The numbers come ahead of the Federal Reserve's and Bank of England interest rates meetings next week.
On Thursday, the ECB confirmed its intention to lift interest rates by 25 basis points in July, with a further raise expected in September, which will be determined by the medium-term inflation outlook.
The central bank also significantly hiked its inflation forecasts for the eurozone and downgraded its growth outlook.
"Risk assets are back in 'sell the news' mode it seems, as a sea of red engulfs stock markets on the final day of the week," said Chris Beauchamp, chief market analyst at online trading platform IG.
"Stocks, and investors, are very jumpy about inflation once again. This was the case before today’s US CPI figure, thanks in no small part to the ECB, but this afternoon has really set the cat amongst the pigeons."

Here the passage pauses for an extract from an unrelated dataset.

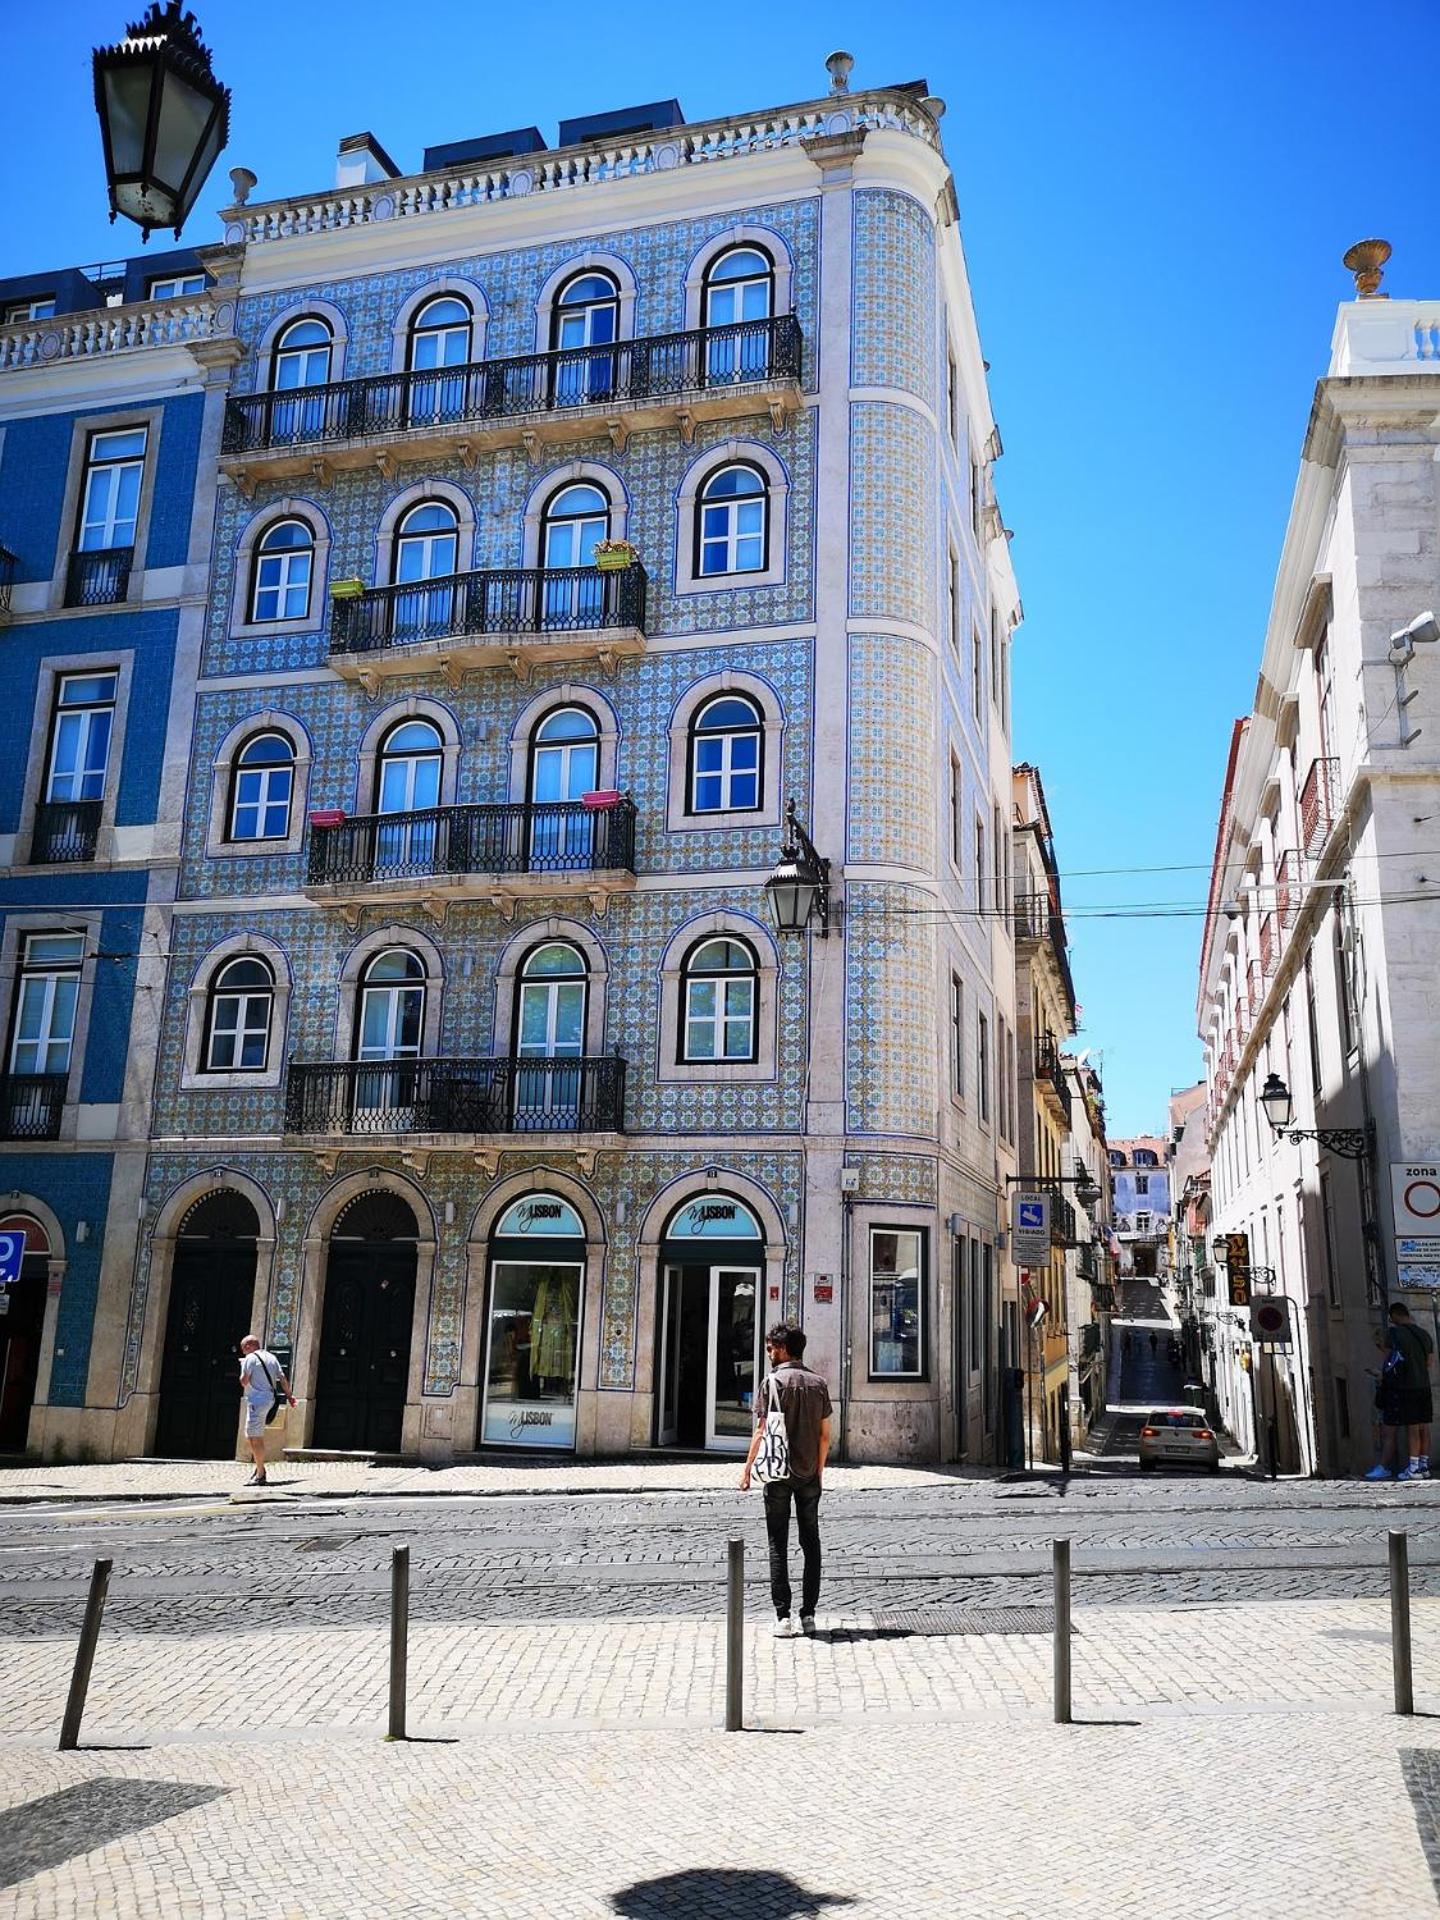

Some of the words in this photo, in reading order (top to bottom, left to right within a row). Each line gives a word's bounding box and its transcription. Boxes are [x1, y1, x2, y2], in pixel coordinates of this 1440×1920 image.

Across the Atlantic, US benchmarks extended losses on Friday after posting their biggest declines in more than three weeks in the previous session.
Michael Hewson, chief market analyst at CMC Markets, said: "With the Federal Reserve also set to raise rates by 50bps next week, and at the next two meetings, there has been a significant shift in thinking when it comes to how quickly inflation is expected to return to target, with all the consequences that might have for any sort of economic growth this year.
"The OECD didn’t help the mood this week with a gloomy assessment of the global economic outlook with a particular pessimistic focus on Europe and the UK."
Read more: UK on brink of recession, OECD warns
Sterling (GBPUSD=X) lost ground against the dollar as attention turns to surging inflation and potential interest rate rises. The pound dipped 1.4% to $1,232, it was up 0.5% to 85p against the euro (EURGBP=X).
It came as producer price inflation in China rose at the slowest pace in fourteen months at 6.4% year-on-year from 8% in April.
Meanwhile, the Russian central bank announced it will slash interest rates from 11% to 9.5%, the pre-war level, adding that it would "consider the necessity of reducing the key rate at its upcoming meetings".